O dia que eu conhecer meu vizinho. Parte 2.
Música – Nature Boy – Moulin Rouge – Tradução
Existiu um garoto
Um garoto muito estranho, encantado
Dizem que ele pensava muito longe, muito longe
Além da terra e do mar
Um pouco tímido e com olhos tristes
Mas muito sábio ele era
E então um dia
Um mágico dia, ele passou no meu caminho
E enquanto conversávamos sobre muitas coisas
Tolos e reis
Ele me disse isso:
A coisa mais importante que você irá aprender é amar, e em troca amado ser.
Mais um dia começou, mais um em que abri meus olhos e percebi que o mundo não acabou. Sempre achei que se findaria enquanto durmo, para mim ou para todos. O dia em que continuaria dormindo, deitado inerte com os lábios frios sobre a cama esperando por uma princesa que não viria, pois contos de fada não existem.
A cada dia fica pior agüentar a vida mentirosa onde nem meu nome é realmente meu. Dylan, um nome dado por Greg, o monstro insensível ao qual eu chamo de pai. Diferente das outras crianças, quando perguntei de onde eu vim recebi a seguinte resposta.
– Você veio de gente irresponsável que aumenta uma estatística vergonhosa e afunda esse país gerando gente fraca. Sorte sua ter os olhos, os cabelos e trejeitos do tipo de filho que teria com Lílian, sua mãe adotiva.

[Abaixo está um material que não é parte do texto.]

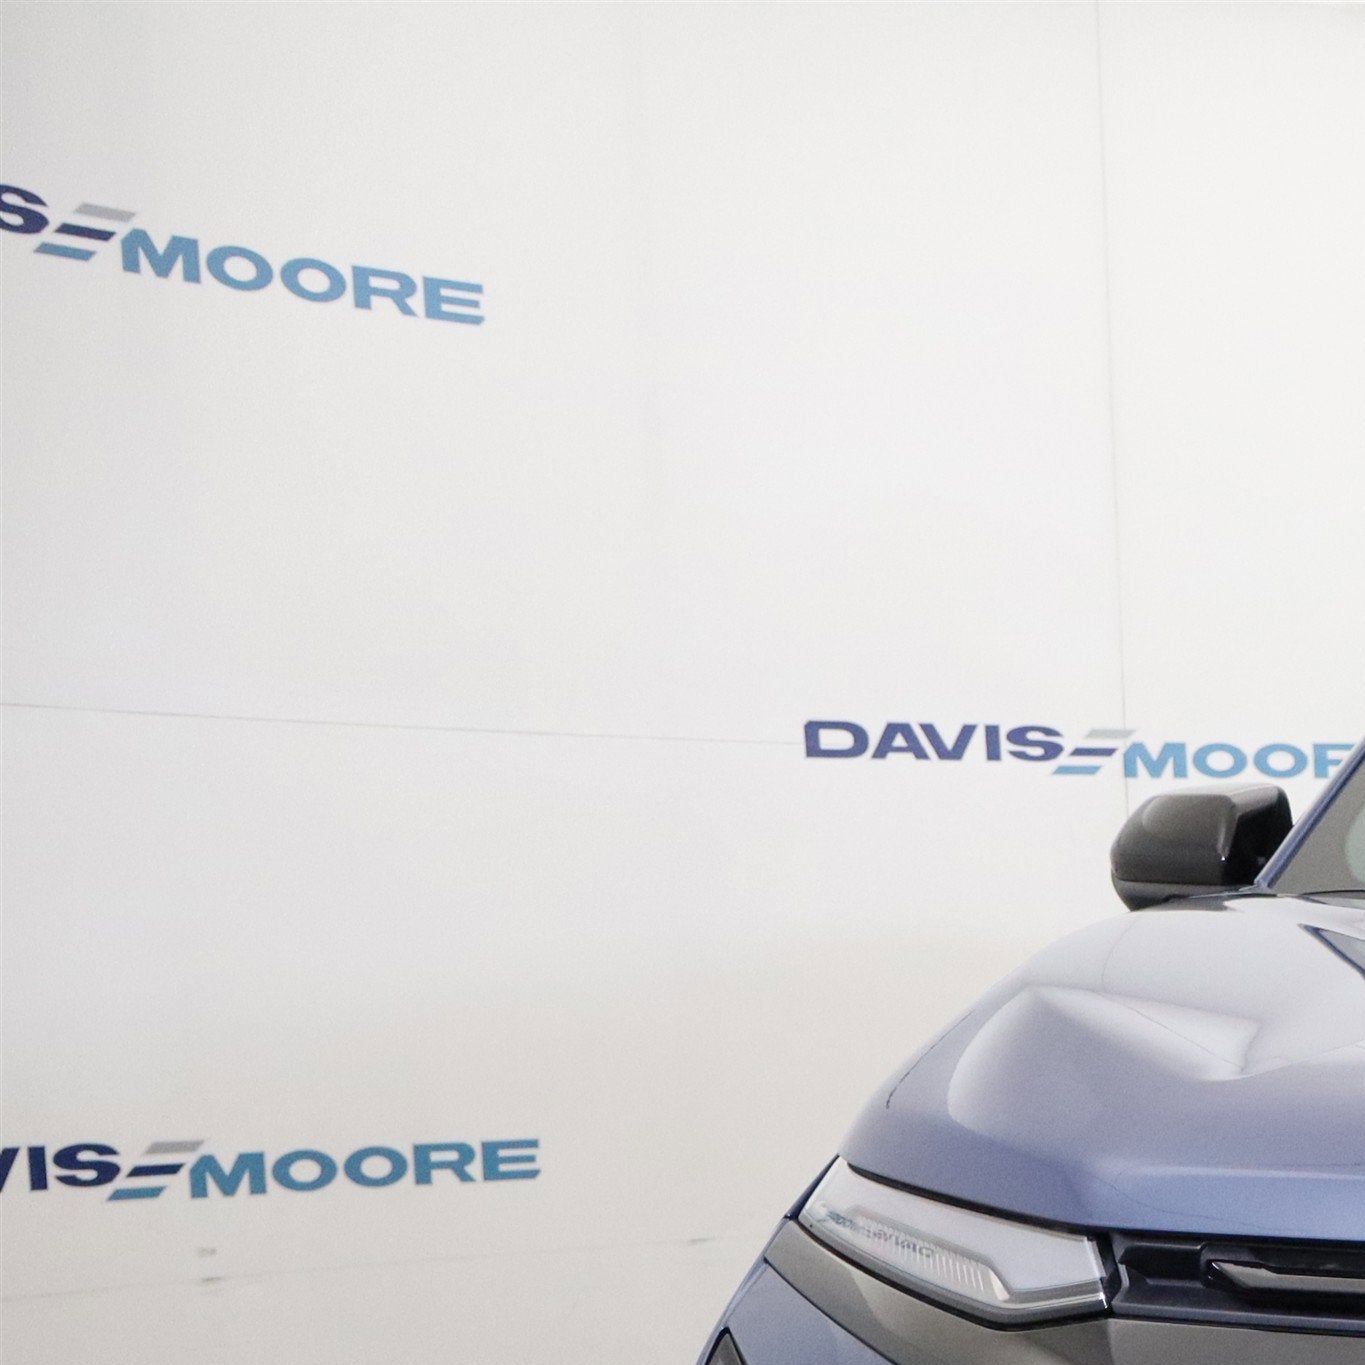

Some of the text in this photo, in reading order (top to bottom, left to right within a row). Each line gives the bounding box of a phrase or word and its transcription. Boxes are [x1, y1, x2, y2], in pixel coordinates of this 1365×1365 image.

[119, 227, 485, 326] MOORE
[804, 720, 1064, 762] DAVIS
[189, 1138, 541, 1199] MOORE

Típica resposta de um cientista mesquinho que só liga para suas experiências. Um cara louco que adotou uma criança por achar que seria parecida com um filho que ele teria com uma mulher morta que sequer foi sua de verdade, pois se casou com o seu melhor amigo e foi embora. Talvez não tenha suportado perder o amigo, a amada e resolveu descontar num ser indefeso sempre contando como ela era especial e como Alan a roubou sem consideração pela amizade.
Mas não é que agora Greg inventou que nos mudaríamos, e cá estamos nós do outro lado da cidade numa casa enorme, logo ele que odeia esbanjar, o dono da praticidade ostentando um lugar que dá pra se perder dentro. O cara anda feliz e justificou que era porque tinha feito as pazes com Alan. Ele e a filha viriam morar na casa ao lado da nossa, comprada exclusivamente pra eles. Algo não cheirava bem, a casa era muito menor que a nossa. “Papai Querido” nunca deu ponto sem nó, deve ter acontecido um acidente muito sério com ele no laboratório pra mudá-lo desse jeito. Eu temo por esses coitados que não sabem onde estão se metendo.

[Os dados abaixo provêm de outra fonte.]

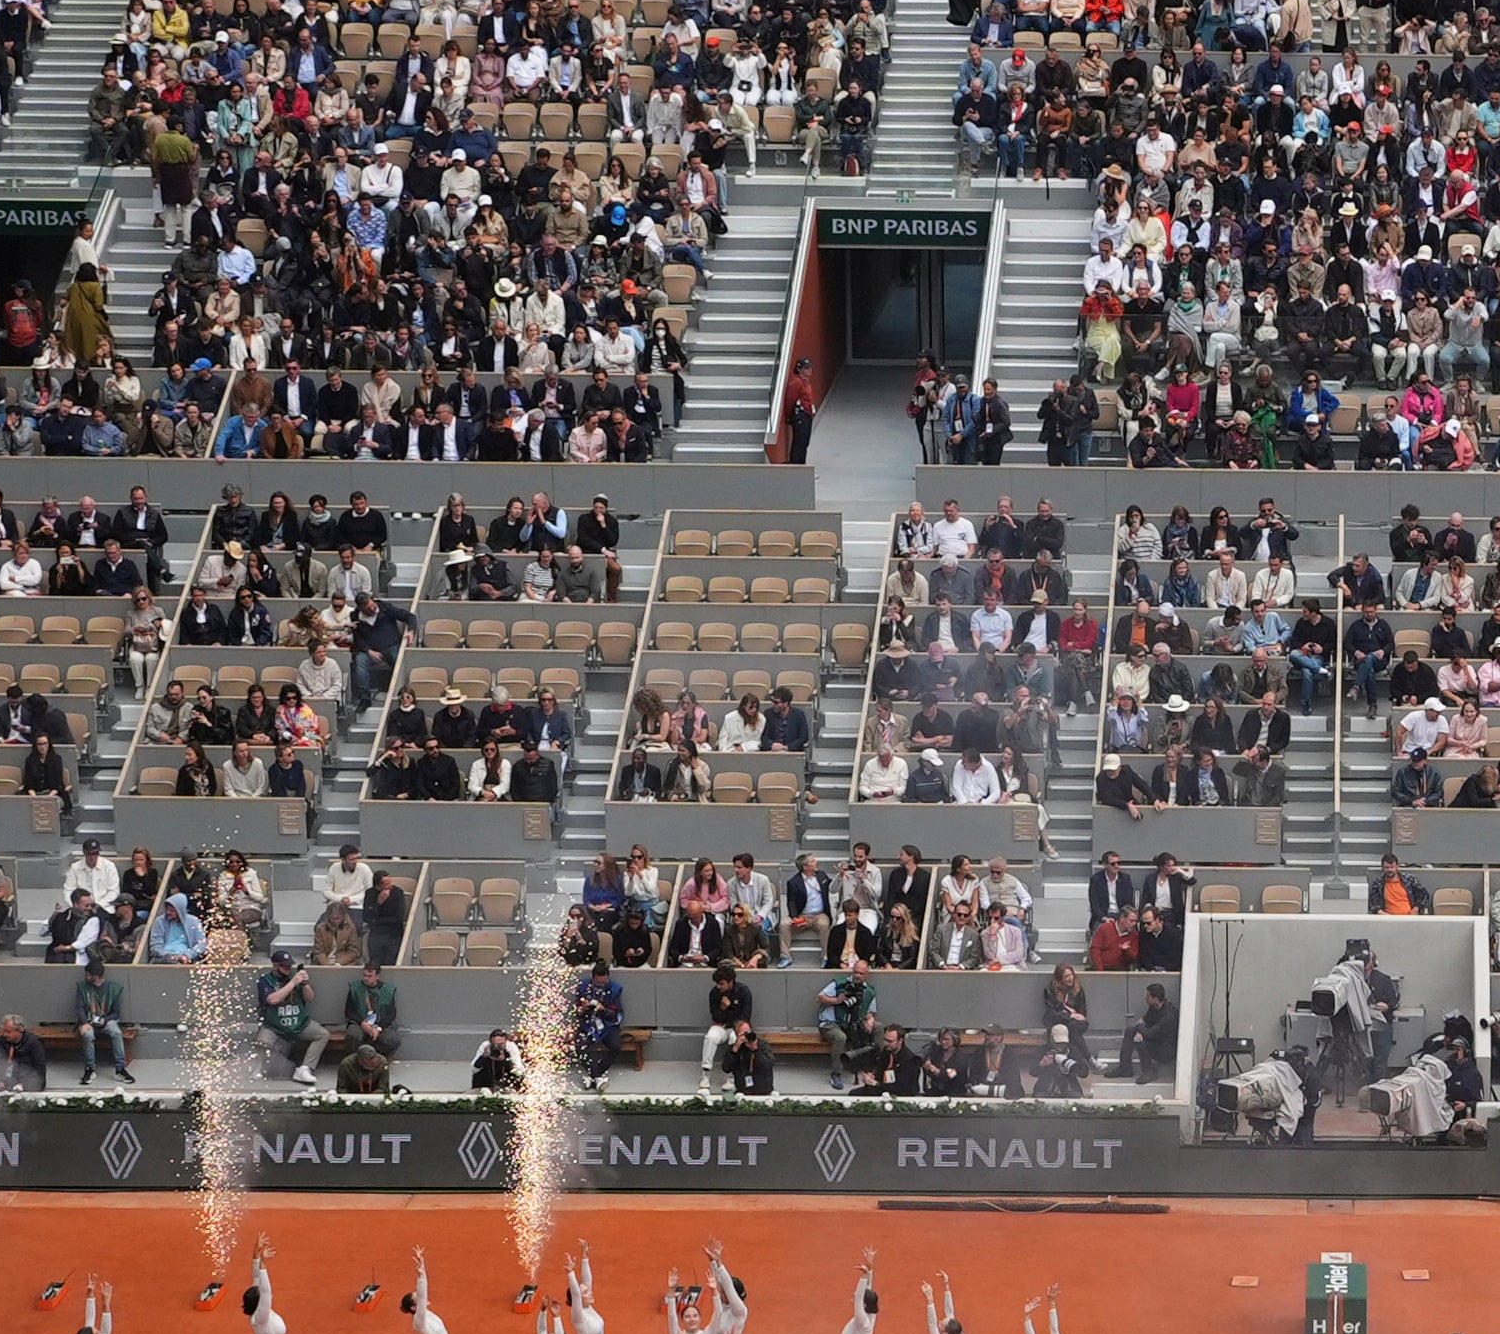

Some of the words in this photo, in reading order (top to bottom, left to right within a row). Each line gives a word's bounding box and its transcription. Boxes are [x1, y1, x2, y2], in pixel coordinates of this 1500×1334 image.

[831, 217, 878, 235] BNP
[883, 218, 978, 237] PARIBAS
[546, 1135, 768, 1167] ENAULT
[898, 1137, 1123, 1170] RENAULT
[1312, 1318, 1361, 1334] Her

O pior foi que Greg praticamente me obrigou a fazer companhia pra filhinha caipira do Alan, acho que se chama Pan. Imagine só, uma virgenzinha inocente atrapalhando meus planos de sobrevivência nessa selva cruel onde vivem as feras mais sórdidas tentando matar umas as outras diariamente. Ela não durará nem cinco minutos, mas sinceramente não é problema meu!

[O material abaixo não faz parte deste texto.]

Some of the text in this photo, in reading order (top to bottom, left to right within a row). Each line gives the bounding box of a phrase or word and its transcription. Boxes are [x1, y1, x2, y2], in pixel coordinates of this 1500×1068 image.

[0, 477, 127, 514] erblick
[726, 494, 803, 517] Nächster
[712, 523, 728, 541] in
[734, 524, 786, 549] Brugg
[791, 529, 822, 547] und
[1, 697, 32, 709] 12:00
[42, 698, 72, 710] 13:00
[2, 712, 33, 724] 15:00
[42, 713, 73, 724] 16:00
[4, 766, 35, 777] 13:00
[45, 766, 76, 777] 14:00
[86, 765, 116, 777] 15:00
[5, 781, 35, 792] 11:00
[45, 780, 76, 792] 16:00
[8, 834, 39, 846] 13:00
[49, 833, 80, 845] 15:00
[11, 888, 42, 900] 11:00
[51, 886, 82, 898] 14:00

Já tenho trabalho demais para extrair Greg da minha mente e não enlouquecer com seus jogos psicológicos. Seria a vitória pra ele. Ir ao São Pitombas e fazer uma personagem convincente, interessante o bastante para que todos comprem e queiram mais dele no próximo dia.
Porém não será fácil ignorá-la, pois percebi que ela está lá fora me olhando nesse momento, como fez nas outras noites e dias desde que chegou aqui. Pareço uma fixação para a garota que não é de se jogar fora, mas vinda de alguma coisa Falls será muito feio quando ela cair e eu não quero estar por perto quando isso acontecer. Não quero ver nem ter nada a ver com isso, só que quando se relacionam com Greg isso é tudo que se pode ganhar.
Eu quase sinto o perfume trazido no vento, o toque de suas mãos, o olhar se aprofundando, deleitando-se sobre mim, me despindo numa curiosidade insana, amargurada, quem sabe apaixonada. Tudo é tão louco, como posso sentir isso? É melhor parar por aqui.
Ainda bem que não há fotos na casa, pois a mudança não chegou, peguei as poucas que tenho e o exemplo de pai não tem nenhuma. Na internet será impossível, apaguei todas. Nunca fui fotogênico e agora estou tirando vantagem disso. Inacreditável, a vida nos faz se gabar de cada coisa!
Sempre que vou ao colégio Pan está me esperando na janela de seu quarto, espiando vigilante. Tem sido uma maratona me safar dessa menina saindo cada vez mais cedo, pelos fundos, pulando o muro, brigando com Greg para não fazer o jogo dele. Finalmente arranjei uma solução um pouco duradora para o problema, estou indo viajar com a turma do colégio e só voltarei daqui a dois meses. Por incrível que pareça não há movimentos na janela, é a minha hora, é agora ou nunca.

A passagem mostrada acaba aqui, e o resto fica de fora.